Étude de la distribution des apsaras "avec ou sans diademe" (Apsaras and their ornaments in Angkor Wat)
by Prakaidao "Tian" Phurksakasemsuk
Publication: RUFA/INALCO/Manusastra Project, Phnom Penh.
Language : FrenchSeptember 18th, 2018 - 89 pages
Sculpture in Angkor is by large the most "feminine" form of sacred art in the world history. Following pioneering studies by Sapho Marchal or more recent researchers, the author attempts a comprehensive analysis of the apsaras spatial distribution across the Angkor Wat temple and sanctuary according to the kind of ornaments they are wearing in stone.

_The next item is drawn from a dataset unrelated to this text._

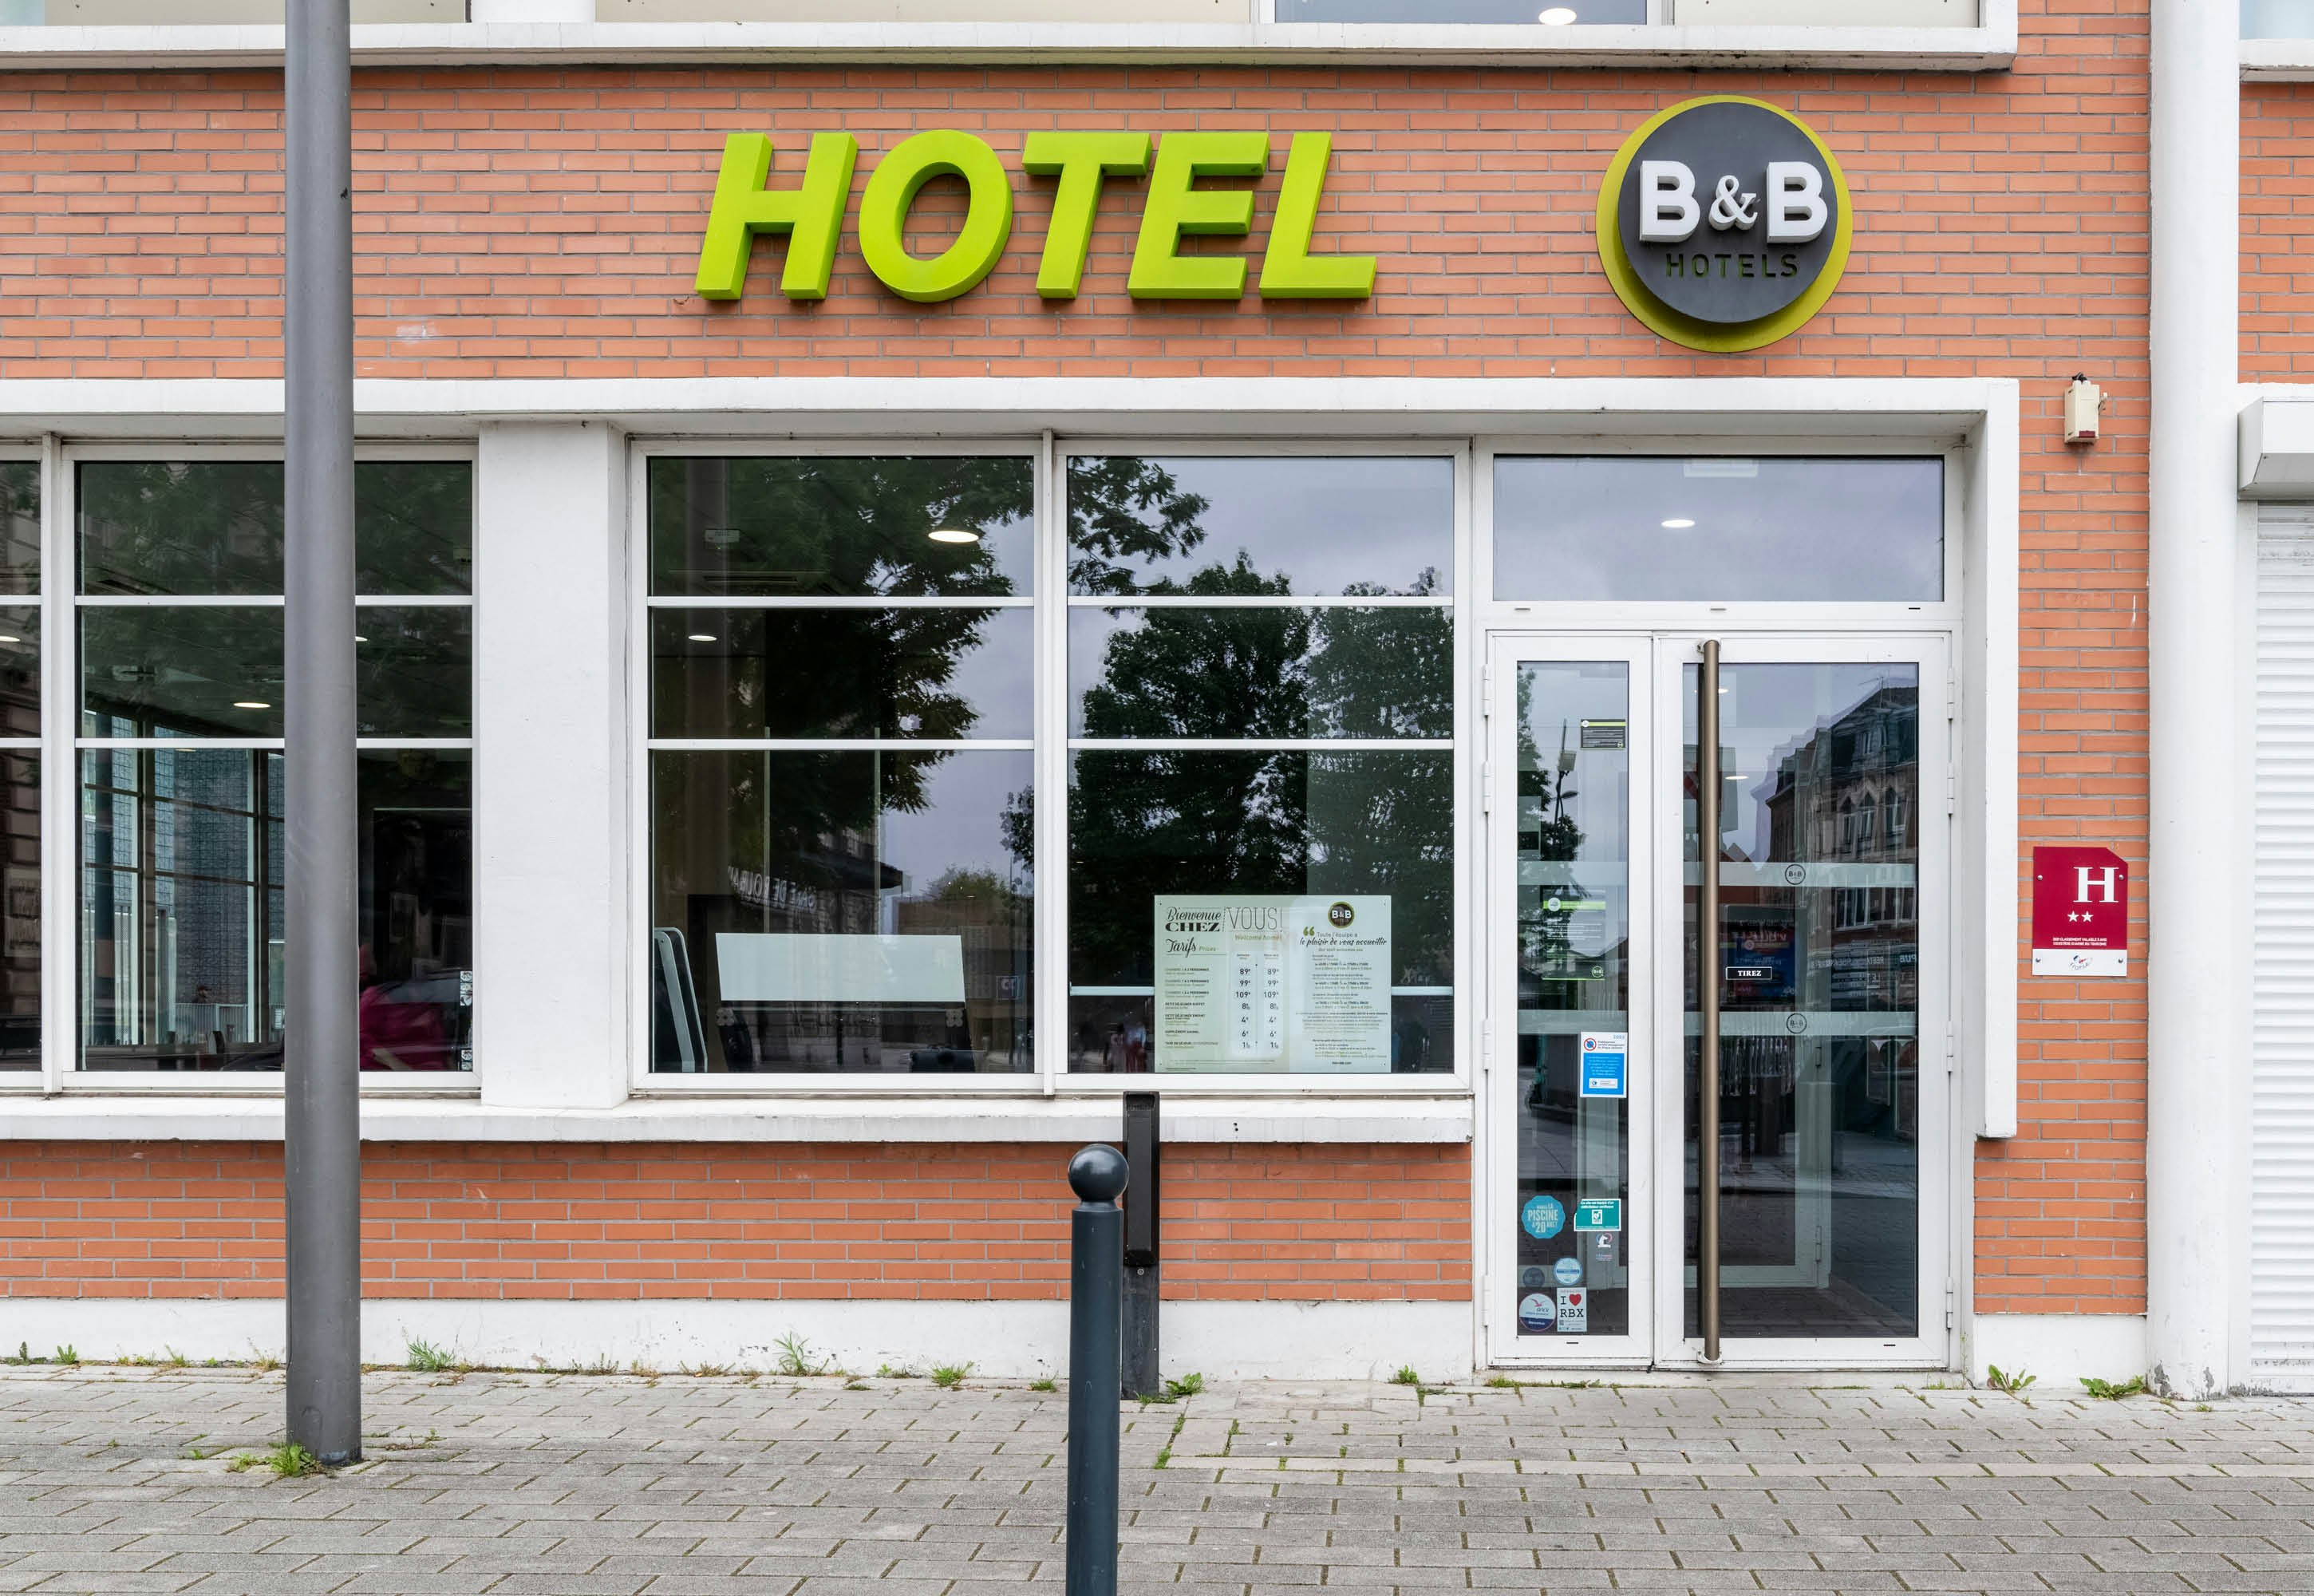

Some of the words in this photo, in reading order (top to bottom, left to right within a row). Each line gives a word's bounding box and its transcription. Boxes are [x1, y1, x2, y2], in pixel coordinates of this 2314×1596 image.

Earlier researchers have noted that the apsaras wearing a tiara or crown (mokot in Khmer, mukuta in Sanskrit) held an exalted status in the population of "celestial dancers". George Coedès, for instance, called them "gouvernantes" (head dancers), while the ones without head ornament were obviously younger, pre-nubile female figures.

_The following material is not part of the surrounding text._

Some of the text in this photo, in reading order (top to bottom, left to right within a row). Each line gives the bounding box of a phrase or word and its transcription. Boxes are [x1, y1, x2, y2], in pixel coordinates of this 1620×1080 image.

Here, the author adds another distinction between apsaras with or without the distinctive, round pendant so characteristic of Angkorian art. Also, the spatial distribution of ornamented figures seems to follow a strict rule: in the innermost sanctuary, the 62 apsaras are all wearing a tiara, except one devoid of any kind of ornament.
The study ends up on a stimulating, still open question: are these numerous celestial figures thriving to become nubile just to access to the elevated rank of "inner sanctuary guardians"? Or are they, in fact, "preparing themselves to greet the glorious death of the Khmer Empire?"

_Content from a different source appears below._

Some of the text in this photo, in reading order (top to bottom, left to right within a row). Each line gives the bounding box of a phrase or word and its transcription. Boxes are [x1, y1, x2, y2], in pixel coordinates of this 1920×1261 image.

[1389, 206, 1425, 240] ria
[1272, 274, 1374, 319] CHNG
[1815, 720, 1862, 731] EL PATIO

Master 1 Dissertation presented to the Jury: Éric Bourdonneau (EFEO), Joseph THACH (INALCO).
(with photos by the author, Eric Bourdonneau, Dominique Soutif and alt.)
About the Author
Prakaidao "Tian" Phurksakasemsuk
A graduate student and researcher associated with The Manusastra Project (INALCO, France, and RUFA (Royal University of Fine Arts), Cambodia), Prakaido Phurksakasemsuk is currently involved in a history research on the Bayon bas-reliefs.
In September 2018, the theme of her Master's dissertation was a classification of the Angkor Wat devatas/apsaras according to their head and neck ornaments.
She is also a member of the Department of French Studies at Silpakorn University, Bangkok, Thailand.